But these past few weeks, when Neema woke, all she thought of was the boy with the skateboard, who’d brought that odd little picture of sheep and shepherds tumbling into her mind. Sheep and shepherds, little new lambs . . . Why? Why did the boy make her think of that? She’d wake up and lie there in the dark, puzzling it over, trying to find a clue.

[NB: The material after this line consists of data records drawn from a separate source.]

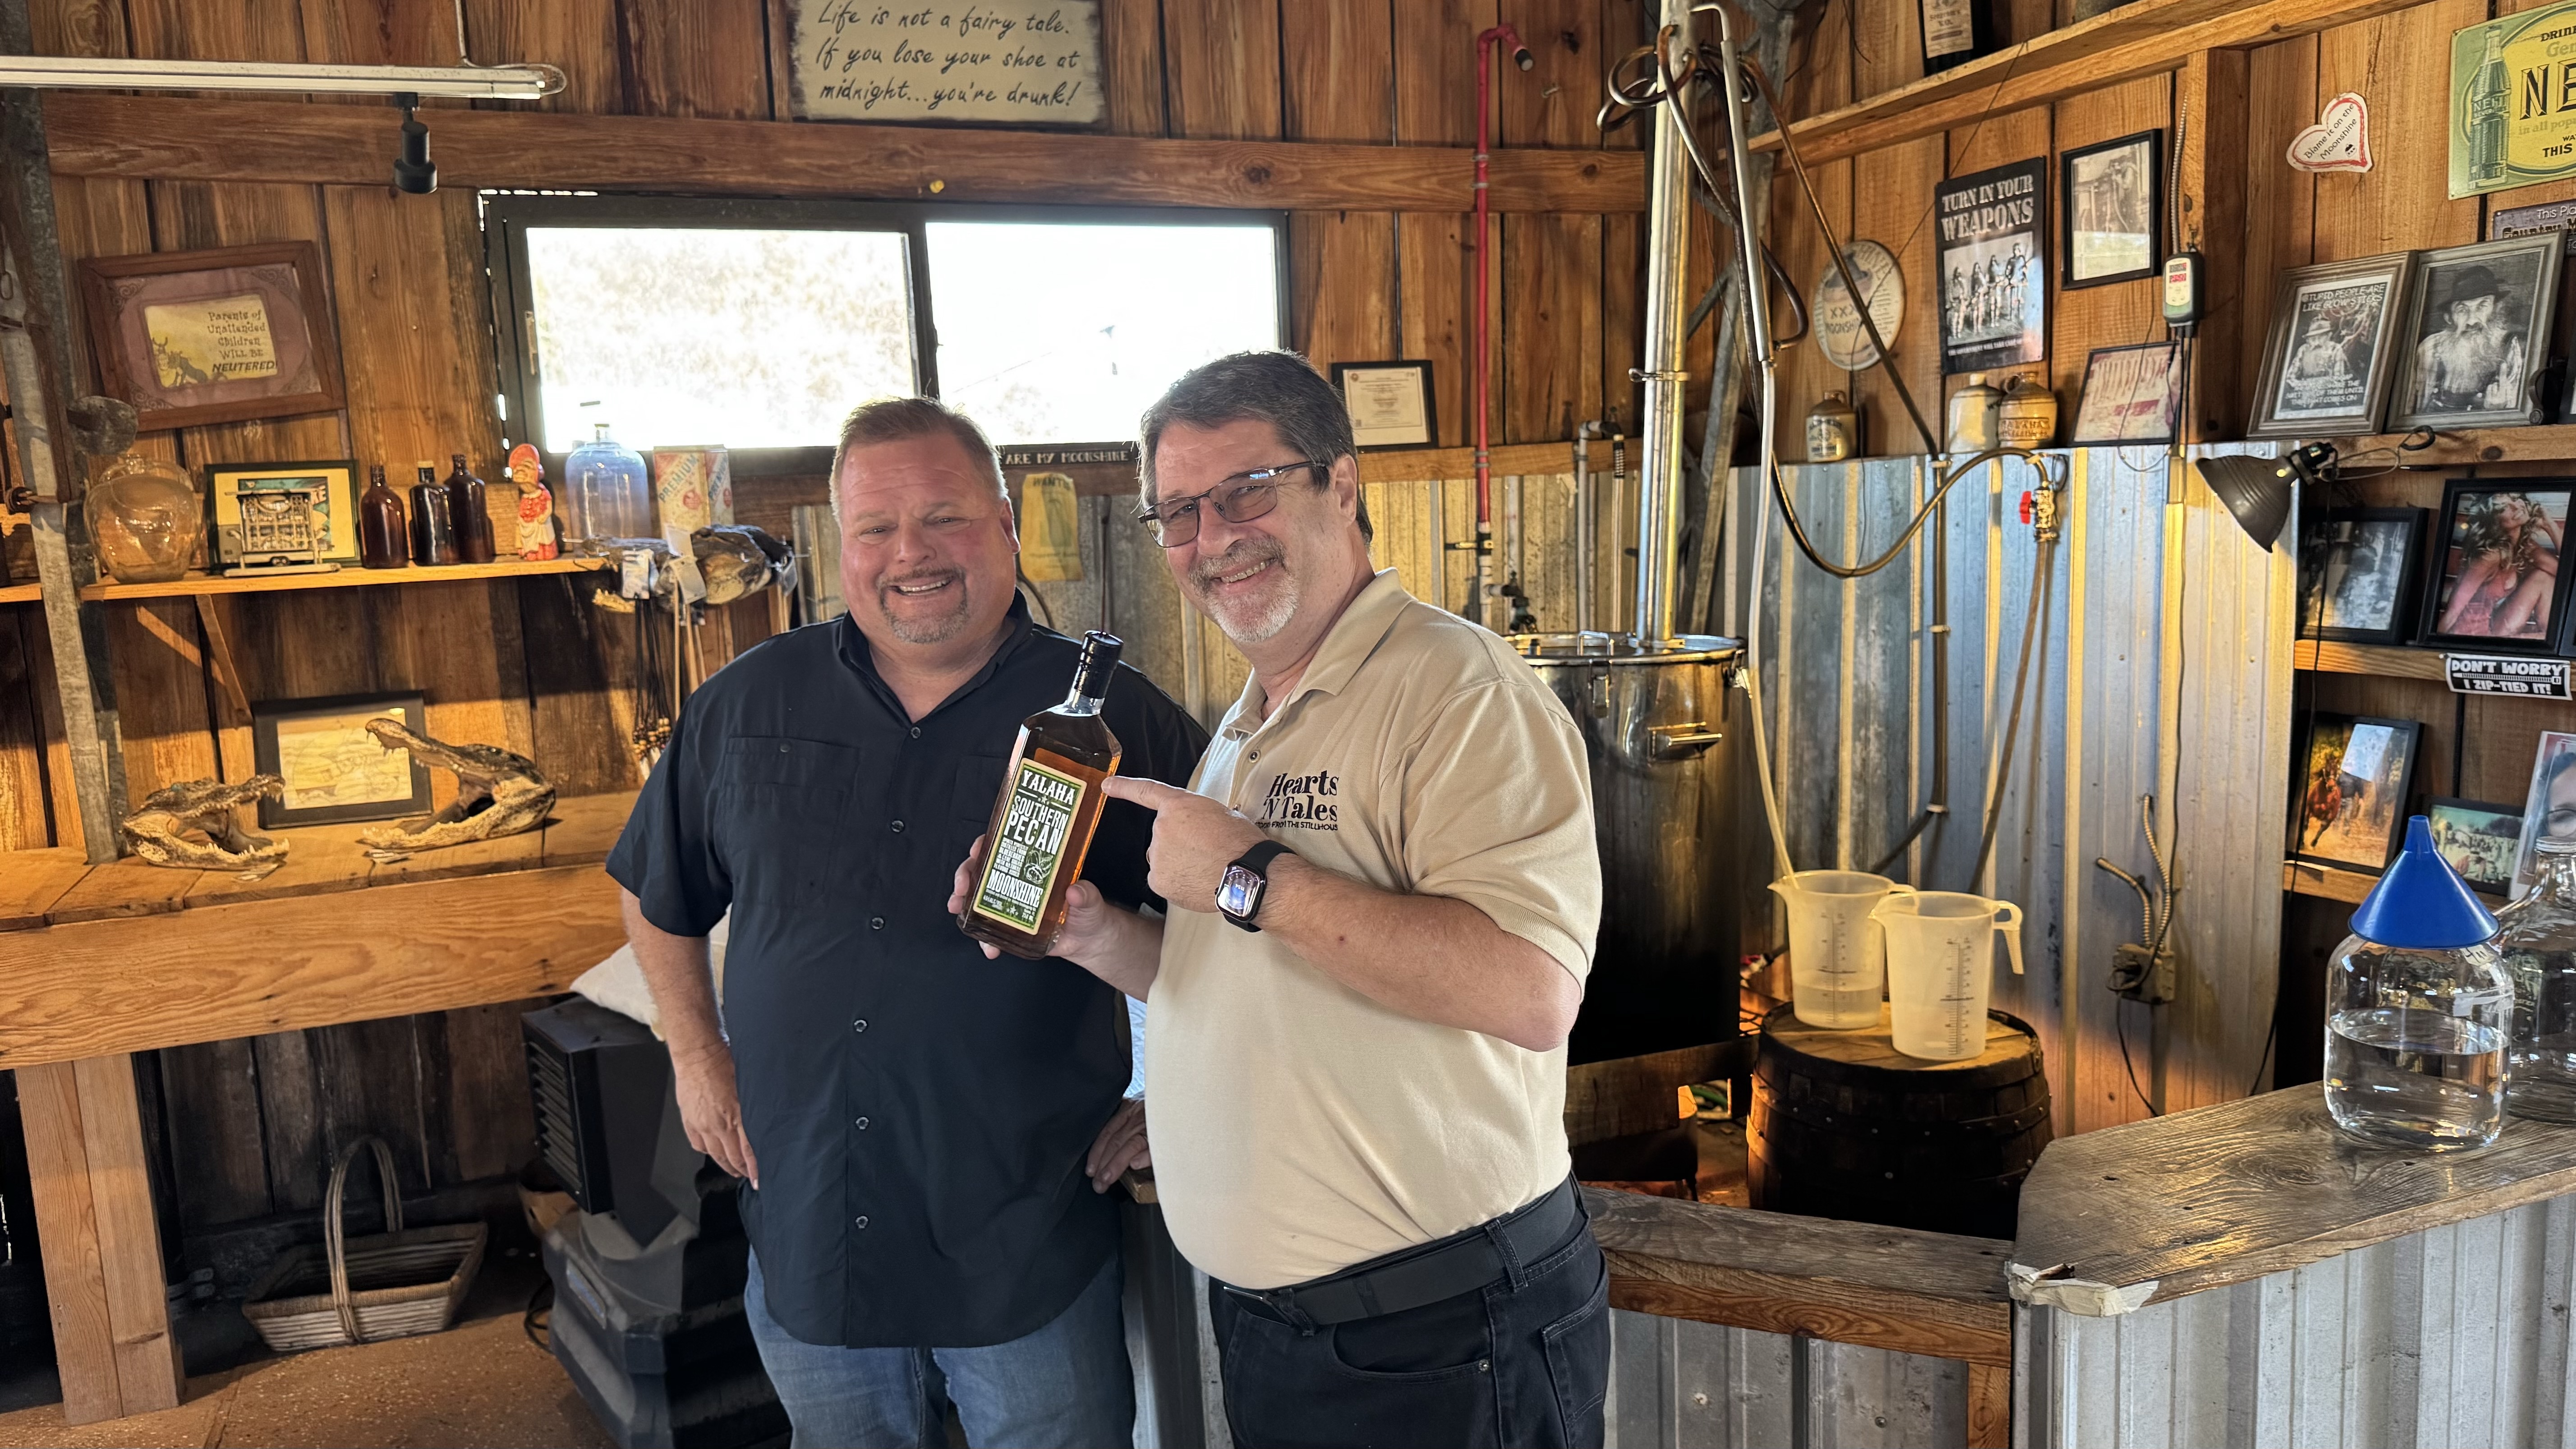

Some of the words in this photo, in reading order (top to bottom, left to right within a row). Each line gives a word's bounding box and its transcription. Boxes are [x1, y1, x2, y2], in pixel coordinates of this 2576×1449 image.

[818, 0, 860, 34] Life
[871, 7, 889, 24] is
[898, 9, 933, 28] not
[941, 15, 950, 28] a
[960, 5, 1016, 40] fairy
[1026, 10, 1069, 33] tale.
[816, 37, 840, 71] If
[843, 49, 882, 73] you
[894, 39, 934, 63] lose
[941, 52, 991, 74] your
[1003, 46, 1046, 68] shoe
[1057, 51, 1081, 68] at
[1007, 81, 1081, 106] drunk!
[2304, 136, 2327, 159] Blame
[2333, 118, 2343, 129] on
[2343, 104, 2354, 117] the
[2320, 119, 2357, 160] Moonshine
[2542, 143, 2572, 157] THIS
[1942, 188, 1977, 212] TURN
[1979, 184, 1994, 203] IN
[1996, 175, 2034, 199] YOUR
[1941, 197, 2034, 241] WEAPONS
[208, 311, 248, 321] Parents
[252, 309, 261, 320] of
[2302, 302, 2322, 312] LIKE
[207, 322, 265, 335] Unattended
[218, 336, 261, 346] Children
[219, 349, 247, 359] WILL
[250, 349, 263, 358] BE
[1005, 454, 1031, 465] ARE
[1037, 453, 1055, 464] MY
[1061, 451, 1128, 463] MOONSHINE
[658, 454, 699, 503] PREMIUM
[2452, 660, 2496, 673] DON'T
[2502, 662, 2563, 676] WORRY
[2464, 679, 2470, 689] I
[2473, 680, 2529, 693] ZIP-TIED
[2533, 683, 2552, 695] IT!
[1021, 769, 1075, 805] YALAHA
[1266, 770, 1339, 798] Hearts
[1012, 795, 1069, 831] SOUTHERN
[1281, 795, 1337, 821] Tales
[1004, 811, 1064, 855] PECAN
[987, 869, 1043, 907] MOONSHINE
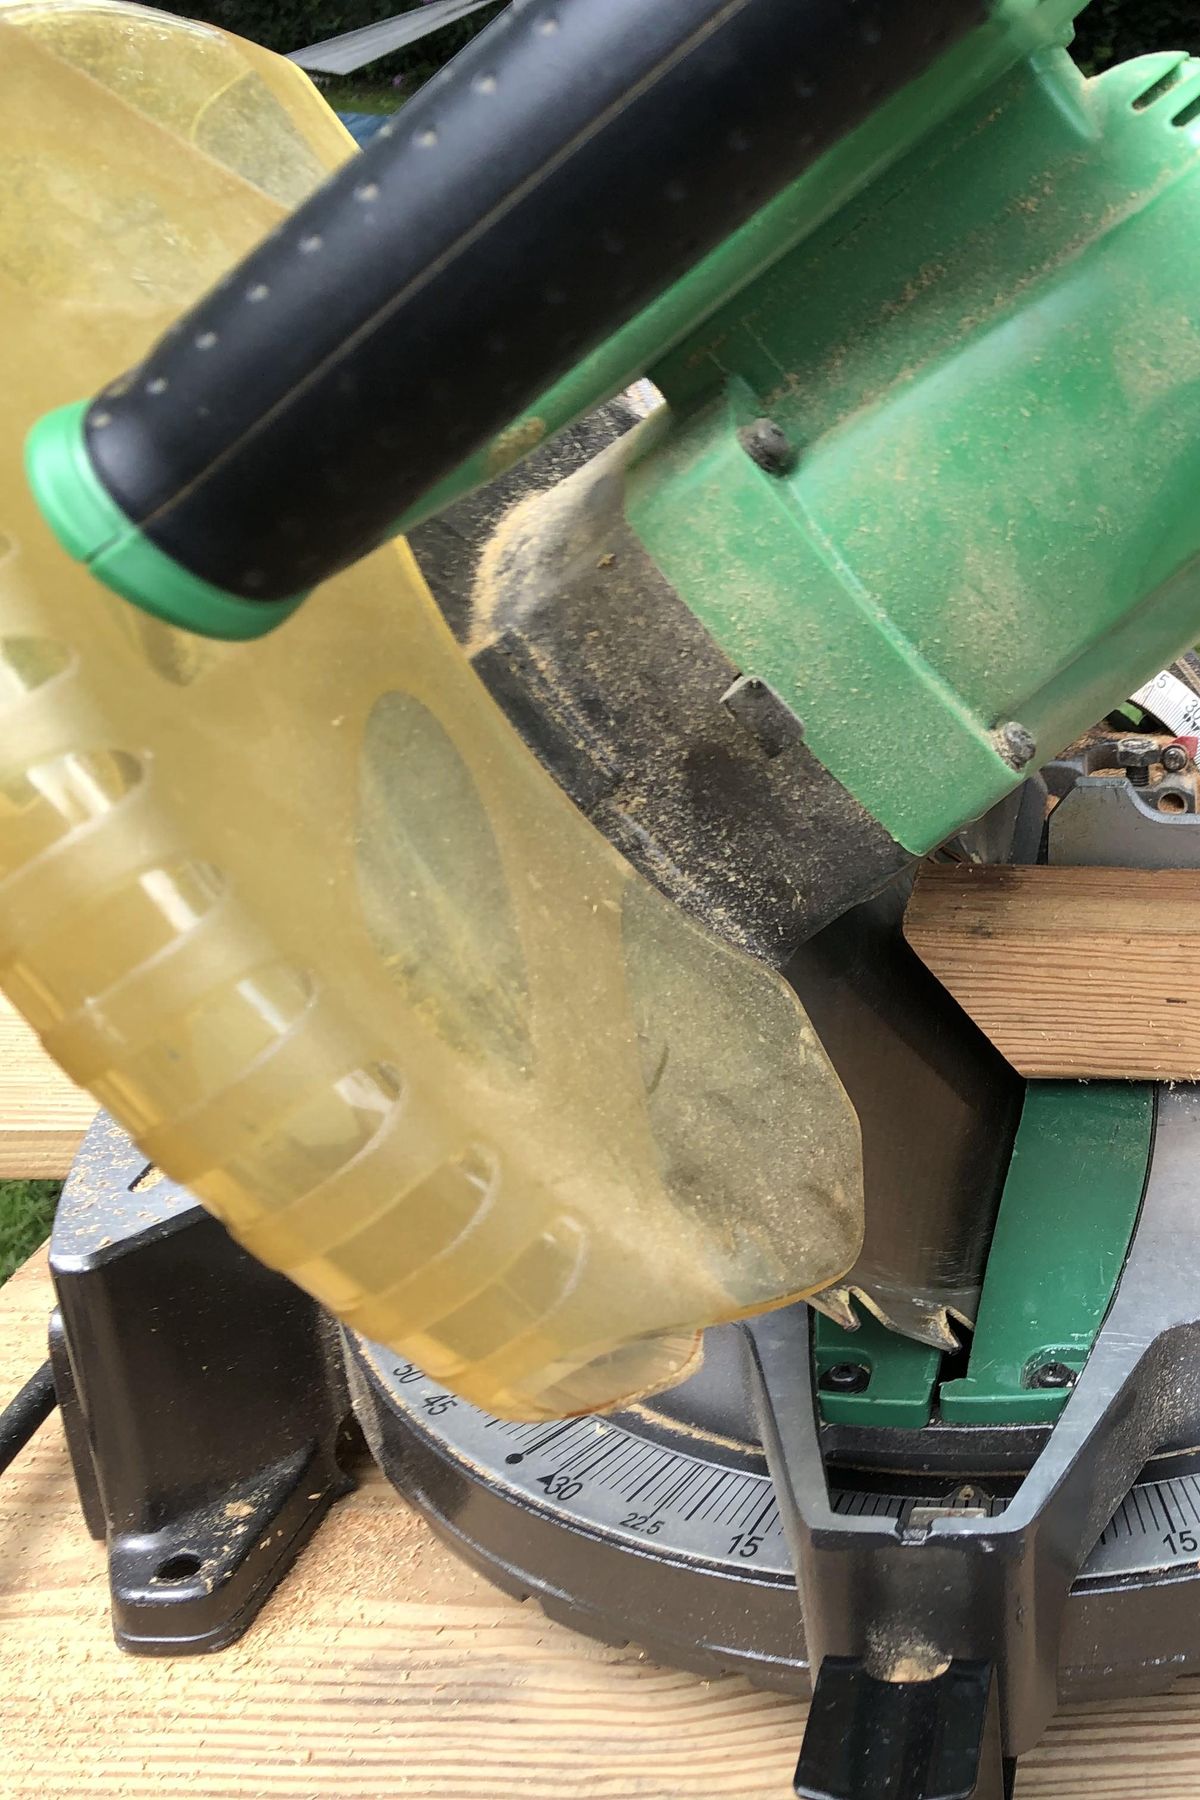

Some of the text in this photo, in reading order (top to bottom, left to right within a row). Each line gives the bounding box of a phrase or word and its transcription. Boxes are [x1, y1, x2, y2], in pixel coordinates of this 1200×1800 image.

And she never could. She’d seen him again only this afternoon, skating so fast down Lawrence Road he’d looked like a flying boy. That was a good name for him, decided Neema: the flying boy. He hadn’t noticed her. Why should he? Why did
she
notice
him
?

Neema looked down at the almost empty page. She’d been sitting at her desk for ages, and all she’d done was write the title and her name, and the name was sort of wrong. Her real one, the name Mum and Dad had given her when she was born, was Nirmolini.

‘Nermo, Nermi – what?’ Miss Lilibet had floundered, on Neema’s first day at crèche.

‘Nirmolini.’

‘What a mouthful! We’ll call you Lena, eh?’

‘But I’m
Nirmolini
!’

‘Sounds like an ointment!’ shouted a stocky little boy in a football jumper, a quiff of rough black hair standing in spikes from his wedge-shaped head. His own name was Brian Stevenson, but later on at the place Miss Lilibet called Big School, the kids would start calling him Blocky. ‘Nermolene!’ he’d gone on shouting, ‘That icky gooey stuff you put on when you’ve got a rash!’

‘Don’t be rude, Brian, ’ Miss Lilibet had chided. ‘And it’s Germolene, not Nermolene.’ She’d turned back to Neema. ‘But you see what I mean, dear. Nirmolini’s too difficult, too hard for people to get their tongues around, especially little people. And you might get teased when you go to Big School. You wouldn’t like that now, would you?’

Neema had shaken her head.

‘Right then.’Miss Lilibet clapped her hands. ‘Hands up who likes “Lena”!’

Everyone had put their hands up, except for Blocky, who’d muttered, ‘I like Nirmolene.’

Priya, Neema’s mum, hadn’t liked the new name either. ‘Lena! Ugh! It’s horrid. What’s wrong with your proper name?’

‘Miss Lilibet says it’s too hard. For little tongues.’

‘Hard!’ scoffed Priya.

‘She says I might get teased. At Big School.’

‘Ah!’ sighed Priya. ‘Oh, well. But not “Lena”, “Neema”.’

So Neema she’d become, and everyone had forgotten ‘Nirmolini’, except for Mum and Dad. Dad had chosen the name himself, an Indian name, even though Dad was just an ordinary Australian. ‘It means “beyond price”, ’ he’d told her, and then he’d gone on dreamily, ‘Beyond rubies, beyond pearls . . .’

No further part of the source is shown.